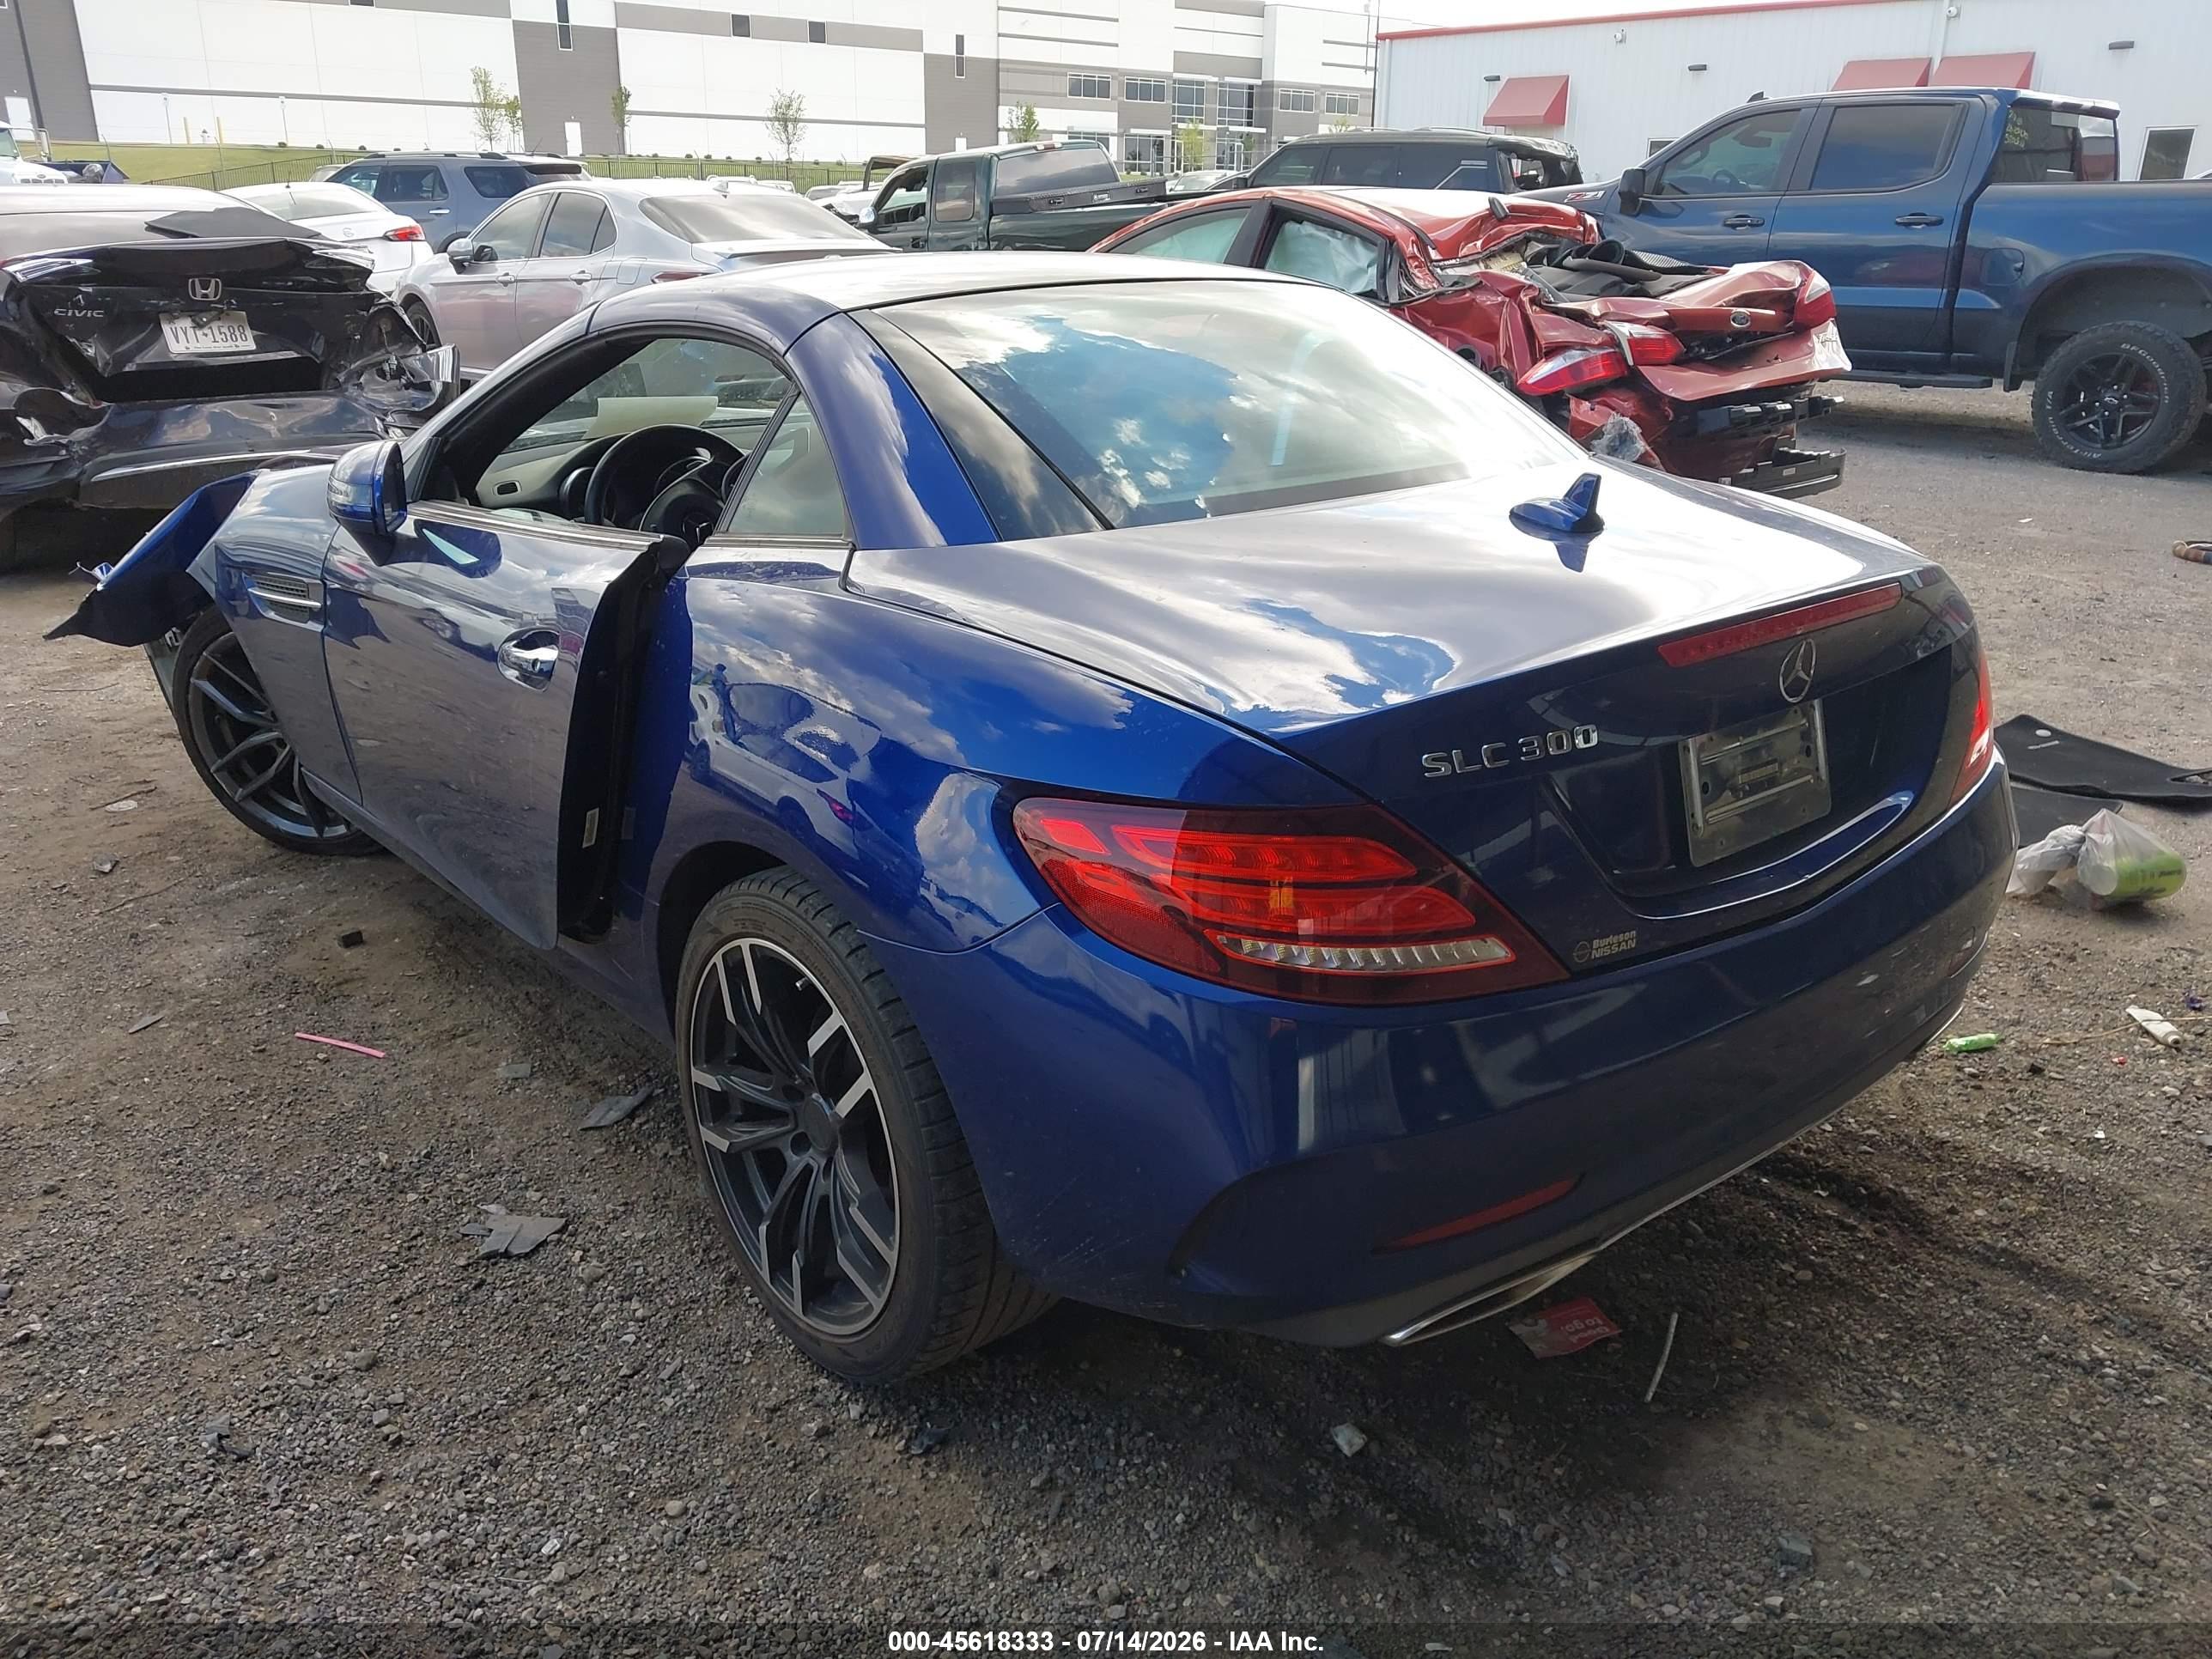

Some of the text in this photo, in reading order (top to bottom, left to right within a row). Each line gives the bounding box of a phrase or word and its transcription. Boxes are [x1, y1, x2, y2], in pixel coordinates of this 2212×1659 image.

[53, 308, 105, 318] CIVIC
[207, 324, 248, 343] 1588
[1421, 724, 1598, 778] SLC 300
[1591, 939, 1636, 959] NISSAN
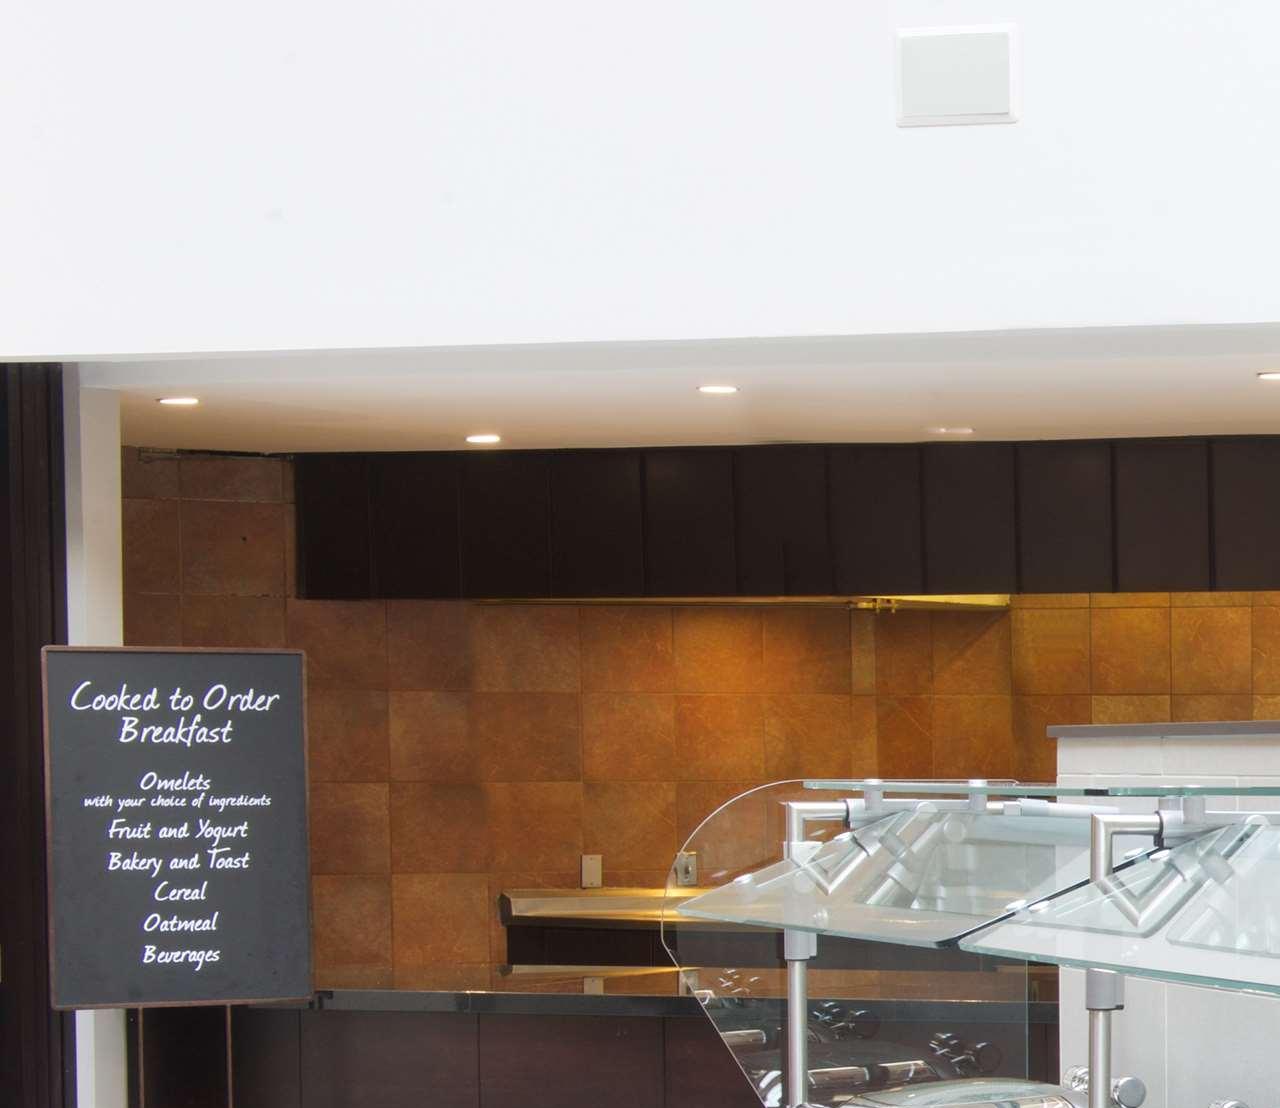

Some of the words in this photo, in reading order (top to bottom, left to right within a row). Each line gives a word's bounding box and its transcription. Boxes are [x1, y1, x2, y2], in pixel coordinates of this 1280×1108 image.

[71, 681, 160, 710] Cooked
[170, 691, 193, 710] to
[203, 685, 279, 711] Order
[120, 714, 232, 746] Breakfast
[140, 771, 210, 794] Omelets
[85, 795, 112, 807] with
[118, 798, 146, 812] your
[151, 795, 186, 806] choice
[192, 792, 205, 808] of
[209, 795, 271, 812] ingredients
[109, 819, 151, 839] Fruit
[159, 823, 189, 838] and
[196, 819, 248, 846] Yogurt
[109, 852, 162, 877] Bakery
[170, 854, 200, 869] and
[208, 848, 249, 868] Toast
[155, 881, 207, 901] Cereal
[144, 912, 218, 931] Oatmeal
[143, 945, 220, 971] Beverages

Work to complete: Reproduce the entire listing above precisely, but keep the images out.

Task result:
Some of the text in this photo, in reading order (top to bottom, left to right within a row). Each line gives the bounding box of a phrase or word and its transcription. Boxes are [x1, y1, x2, y2], in pixel coordinates of this 2212×1659 image.

[53, 308, 105, 318] CIVIC
[207, 324, 248, 343] 1588
[1421, 724, 1598, 778] SLC 300
[1591, 939, 1636, 959] NISSAN

Some of the words in this photo, in reading order (top to bottom, left to right within a row). Each line gives a word's bounding box and its transcription. Boxes are [x1, y1, x2, y2], in pixel coordinates of this 1280×1108 image.

[71, 681, 160, 710] Cooked
[170, 691, 193, 710] to
[203, 685, 279, 711] Order
[120, 714, 232, 746] Breakfast
[140, 771, 210, 794] Omelets
[85, 795, 112, 807] with
[118, 798, 146, 812] your
[151, 795, 186, 806] choice
[192, 792, 205, 808] of
[209, 795, 271, 812] ingredients
[109, 819, 151, 839] Fruit
[159, 823, 189, 838] and
[196, 819, 248, 846] Yogurt
[109, 852, 162, 877] Bakery
[170, 854, 200, 869] and
[208, 848, 249, 868] Toast
[155, 881, 207, 901] Cereal
[144, 912, 218, 931] Oatmeal
[143, 945, 220, 971] Beverages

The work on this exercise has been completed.